=== Description of the task ===
Exercise in exact copying. Transcribe every entry that follows, word for word.

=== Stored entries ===
◆ ◆ ◆ ◆ ◆
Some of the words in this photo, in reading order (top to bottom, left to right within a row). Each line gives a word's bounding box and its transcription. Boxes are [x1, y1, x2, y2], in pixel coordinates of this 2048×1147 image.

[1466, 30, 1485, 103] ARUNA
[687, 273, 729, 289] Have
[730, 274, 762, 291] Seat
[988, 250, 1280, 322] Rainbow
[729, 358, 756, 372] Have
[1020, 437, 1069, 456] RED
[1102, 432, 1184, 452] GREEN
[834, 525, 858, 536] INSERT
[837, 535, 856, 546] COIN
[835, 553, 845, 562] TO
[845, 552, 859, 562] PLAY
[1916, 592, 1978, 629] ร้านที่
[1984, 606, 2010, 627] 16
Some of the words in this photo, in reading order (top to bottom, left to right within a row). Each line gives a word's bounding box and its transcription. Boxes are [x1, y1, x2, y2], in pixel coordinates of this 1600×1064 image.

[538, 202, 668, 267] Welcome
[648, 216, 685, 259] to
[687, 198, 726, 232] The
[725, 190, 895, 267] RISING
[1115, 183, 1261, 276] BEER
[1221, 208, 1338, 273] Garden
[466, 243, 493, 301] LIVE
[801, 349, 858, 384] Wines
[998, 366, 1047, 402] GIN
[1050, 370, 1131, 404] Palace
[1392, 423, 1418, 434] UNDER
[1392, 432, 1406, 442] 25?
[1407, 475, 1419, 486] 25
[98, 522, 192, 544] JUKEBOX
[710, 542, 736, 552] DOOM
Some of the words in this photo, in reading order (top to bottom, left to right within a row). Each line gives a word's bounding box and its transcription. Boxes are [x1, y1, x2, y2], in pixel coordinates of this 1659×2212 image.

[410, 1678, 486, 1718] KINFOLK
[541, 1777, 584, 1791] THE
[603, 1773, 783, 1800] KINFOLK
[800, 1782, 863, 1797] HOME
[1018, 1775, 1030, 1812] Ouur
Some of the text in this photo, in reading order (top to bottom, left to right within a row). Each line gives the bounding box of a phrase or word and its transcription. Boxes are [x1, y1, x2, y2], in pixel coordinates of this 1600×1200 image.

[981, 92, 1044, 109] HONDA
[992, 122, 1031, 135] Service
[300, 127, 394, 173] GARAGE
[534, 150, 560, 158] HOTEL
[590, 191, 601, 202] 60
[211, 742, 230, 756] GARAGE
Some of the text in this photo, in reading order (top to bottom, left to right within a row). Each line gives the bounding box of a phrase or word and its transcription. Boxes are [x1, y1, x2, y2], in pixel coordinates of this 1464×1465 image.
◆ ◆ ◆ ◆ ◆
=== Finished task ===
Some of the words in this photo, in reading order (top to bottom, left to right within a row). Each line gives a word's bounding box and its transcription. Boxes are [x1, y1, x2, y2], in pixel coordinates of this 2048×1147 image.

[1466, 30, 1485, 103] ARUNA
[687, 273, 729, 289] Have
[730, 274, 762, 291] Seat
[988, 250, 1280, 322] Rainbow
[729, 358, 756, 372] Have
[1020, 437, 1069, 456] RED
[1102, 432, 1184, 452] GREEN
[834, 525, 858, 536] INSERT
[837, 535, 856, 546] COIN
[835, 553, 845, 562] TO
[845, 552, 859, 562] PLAY
[1916, 592, 1978, 629] ร้านที่
[1984, 606, 2010, 627] 16
Some of the words in this photo, in reading order (top to bottom, left to right within a row). Each line gives a word's bounding box and its transcription. Boxes are [x1, y1, x2, y2], in pixel coordinates of this 1600×1064 image.

[538, 202, 668, 267] Welcome
[648, 216, 685, 259] to
[687, 198, 726, 232] The
[725, 190, 895, 267] RISING
[1115, 183, 1261, 276] BEER
[1221, 208, 1338, 273] Garden
[466, 243, 493, 301] LIVE
[801, 349, 858, 384] Wines
[998, 366, 1047, 402] GIN
[1050, 370, 1131, 404] Palace
[1392, 423, 1418, 434] UNDER
[1392, 432, 1406, 442] 25?
[1407, 475, 1419, 486] 25
[98, 522, 192, 544] JUKEBOX
[710, 542, 736, 552] DOOM
Some of the words in this photo, in reading order (top to bottom, left to right within a row). Each line gives a word's bounding box and its transcription. Boxes are [x1, y1, x2, y2], in pixel coordinates of this 1659×2212 image.

[410, 1678, 486, 1718] KINFOLK
[541, 1777, 584, 1791] THE
[603, 1773, 783, 1800] KINFOLK
[800, 1782, 863, 1797] HOME
[1018, 1775, 1030, 1812] Ouur
Some of the text in this photo, in reading order (top to bottom, left to right within a row). Each line gives the bounding box of a phrase or word and its transcription. Boxes are [x1, y1, x2, y2], in pixel coordinates of this 1600×1200 image.

[981, 92, 1044, 109] HONDA
[992, 122, 1031, 135] Service
[300, 127, 394, 173] GARAGE
[534, 150, 560, 158] HOTEL
[590, 191, 601, 202] 60
[211, 742, 230, 756] GARAGE
Some of the text in this photo, in reading order (top to bottom, left to right within a row). Each line gives the bounding box of a phrase or word and its transcription. Boxes are [x1, y1, x2, y2], in pixel coordinates of this 1464×1465 image.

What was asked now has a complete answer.